- _Stored data entries_:

===

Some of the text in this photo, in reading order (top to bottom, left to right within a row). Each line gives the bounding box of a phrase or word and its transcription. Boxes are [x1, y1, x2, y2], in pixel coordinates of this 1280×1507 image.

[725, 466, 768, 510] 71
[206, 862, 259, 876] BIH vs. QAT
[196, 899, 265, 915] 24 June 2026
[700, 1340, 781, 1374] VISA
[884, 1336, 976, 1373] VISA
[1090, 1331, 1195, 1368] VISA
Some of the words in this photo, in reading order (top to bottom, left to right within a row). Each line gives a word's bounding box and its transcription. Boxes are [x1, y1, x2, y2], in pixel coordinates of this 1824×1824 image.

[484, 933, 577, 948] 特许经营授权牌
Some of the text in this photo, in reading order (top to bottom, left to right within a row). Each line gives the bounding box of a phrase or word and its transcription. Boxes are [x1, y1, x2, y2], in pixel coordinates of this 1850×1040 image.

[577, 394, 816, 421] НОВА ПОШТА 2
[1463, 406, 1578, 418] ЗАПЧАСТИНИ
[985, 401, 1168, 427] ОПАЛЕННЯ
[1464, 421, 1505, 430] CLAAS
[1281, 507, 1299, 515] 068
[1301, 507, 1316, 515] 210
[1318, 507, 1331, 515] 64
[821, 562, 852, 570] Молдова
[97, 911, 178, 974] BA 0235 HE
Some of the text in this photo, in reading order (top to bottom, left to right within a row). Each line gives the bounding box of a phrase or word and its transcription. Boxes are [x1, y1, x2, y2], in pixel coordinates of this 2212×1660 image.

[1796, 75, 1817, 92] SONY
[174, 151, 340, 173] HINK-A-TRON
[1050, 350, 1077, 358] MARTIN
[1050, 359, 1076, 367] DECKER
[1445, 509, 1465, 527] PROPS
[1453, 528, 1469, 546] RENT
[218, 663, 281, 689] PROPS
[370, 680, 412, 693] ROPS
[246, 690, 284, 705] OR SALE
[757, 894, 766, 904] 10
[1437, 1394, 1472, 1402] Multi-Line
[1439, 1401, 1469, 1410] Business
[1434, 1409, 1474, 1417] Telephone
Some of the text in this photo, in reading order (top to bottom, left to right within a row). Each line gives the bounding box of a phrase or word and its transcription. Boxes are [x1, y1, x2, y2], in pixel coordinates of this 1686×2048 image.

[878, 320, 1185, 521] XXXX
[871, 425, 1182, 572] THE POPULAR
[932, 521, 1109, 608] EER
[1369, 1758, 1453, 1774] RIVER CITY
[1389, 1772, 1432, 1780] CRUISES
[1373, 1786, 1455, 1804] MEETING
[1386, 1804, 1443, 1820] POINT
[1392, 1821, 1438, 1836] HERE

===

Line by line, restate the data exactly.

- _Expected output_:
Some of the text in this photo, in reading order (top to bottom, left to right within a row). Each line gives the bounding box of a phrase or word and its transcription. Boxes are [x1, y1, x2, y2], in pixel coordinates of this 1280×1507 image.

[725, 466, 768, 510] 71
[206, 862, 259, 876] BIH vs. QAT
[196, 899, 265, 915] 24 June 2026
[700, 1340, 781, 1374] VISA
[884, 1336, 976, 1373] VISA
[1090, 1331, 1195, 1368] VISA
Some of the words in this photo, in reading order (top to bottom, left to right within a row). Each line gives a word's bounding box and its transcription. Boxes are [x1, y1, x2, y2], in pixel coordinates of this 1824×1824 image.

[484, 933, 577, 948] 特许经营授权牌
Some of the text in this photo, in reading order (top to bottom, left to right within a row). Each line gives the bounding box of a phrase or word and its transcription. Boxes are [x1, y1, x2, y2], in pixel coordinates of this 1850×1040 image.

[577, 394, 816, 421] НОВА ПОШТА 2
[1463, 406, 1578, 418] ЗАПЧАСТИНИ
[985, 401, 1168, 427] ОПАЛЕННЯ
[1464, 421, 1505, 430] CLAAS
[1281, 507, 1299, 515] 068
[1301, 507, 1316, 515] 210
[1318, 507, 1331, 515] 64
[821, 562, 852, 570] Молдова
[97, 911, 178, 974] BA 0235 HE
Some of the text in this photo, in reading order (top to bottom, left to right within a row). Each line gives the bounding box of a phrase or word and its transcription. Boxes are [x1, y1, x2, y2], in pixel coordinates of this 2212×1660 image.

[1796, 75, 1817, 92] SONY
[174, 151, 340, 173] HINK-A-TRON
[1050, 350, 1077, 358] MARTIN
[1050, 359, 1076, 367] DECKER
[1445, 509, 1465, 527] PROPS
[1453, 528, 1469, 546] RENT
[218, 663, 281, 689] PROPS
[370, 680, 412, 693] ROPS
[246, 690, 284, 705] OR SALE
[757, 894, 766, 904] 10
[1437, 1394, 1472, 1402] Multi-Line
[1439, 1401, 1469, 1410] Business
[1434, 1409, 1474, 1417] Telephone
Some of the text in this photo, in reading order (top to bottom, left to right within a row). Each line gives the bounding box of a phrase or word and its transcription. Boxes are [x1, y1, x2, y2], in pixel coordinates of this 1686×2048 image.

[878, 320, 1185, 521] XXXX
[871, 425, 1182, 572] THE POPULAR
[932, 521, 1109, 608] EER
[1369, 1758, 1453, 1774] RIVER CITY
[1389, 1772, 1432, 1780] CRUISES
[1373, 1786, 1455, 1804] MEETING
[1386, 1804, 1443, 1820] POINT
[1392, 1821, 1438, 1836] HERE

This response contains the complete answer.